RECORDS FOR THE EXERCISE section start

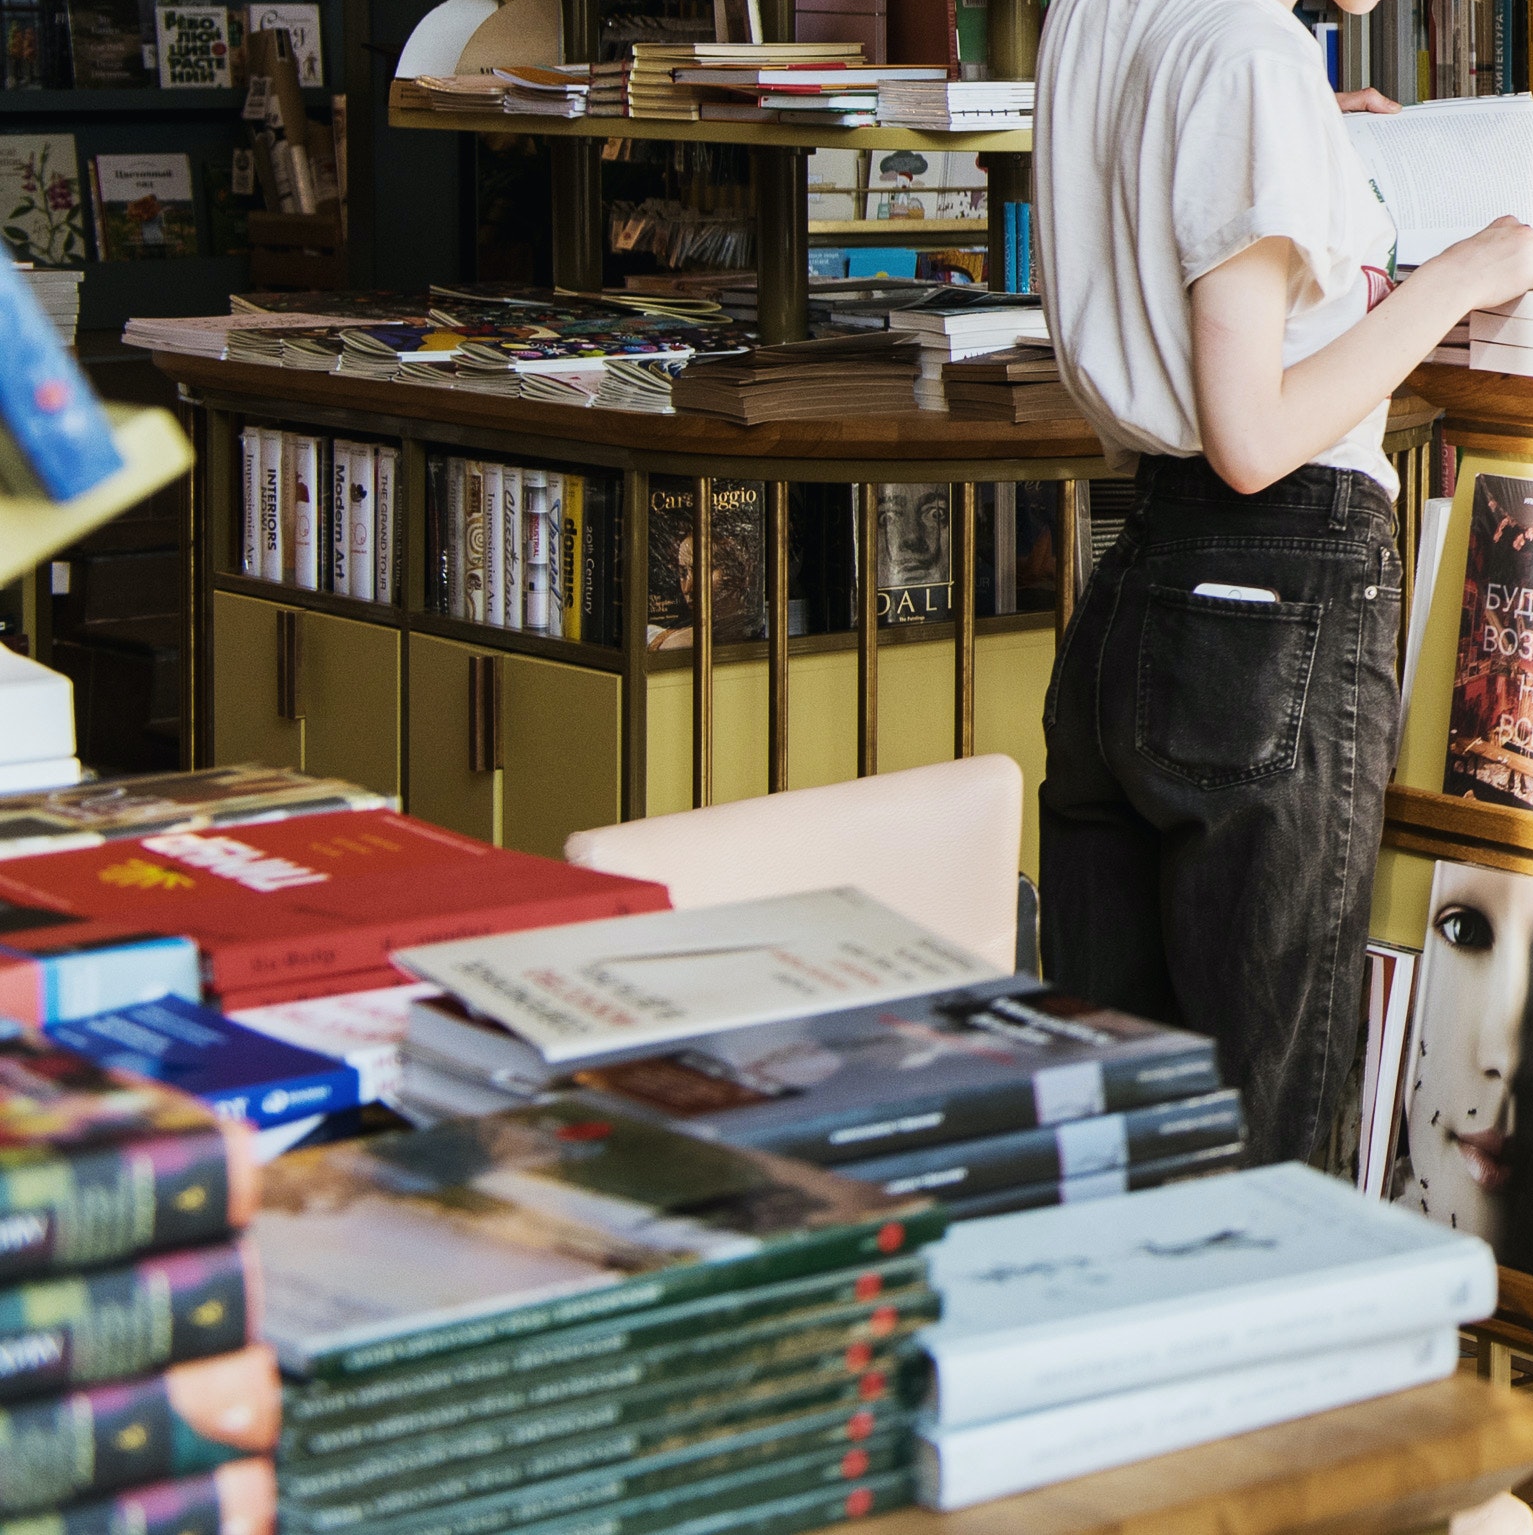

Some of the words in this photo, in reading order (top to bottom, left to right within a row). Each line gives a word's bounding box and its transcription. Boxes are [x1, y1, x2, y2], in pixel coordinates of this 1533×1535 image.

[267, 468, 277, 552] INTERIORS
[336, 465, 345, 543] Modern
[335, 548, 344, 580] Art
[563, 518, 574, 609] domus

RECORDS FOR THE EXERCISE section end

> **WORK REQUEST**
With the pictures dropped, give every entry above again exactly.

> **OUTPUT OF THE TASK**
Some of the words in this photo, in reading order (top to bottom, left to right within a row). Each line gives a word's bounding box and its transcription. Boxes are [x1, y1, x2, y2], in pixel coordinates of this 1533×1535 image.

[267, 468, 277, 552] INTERIORS
[336, 465, 345, 543] Modern
[335, 548, 344, 580] Art
[563, 518, 574, 609] domus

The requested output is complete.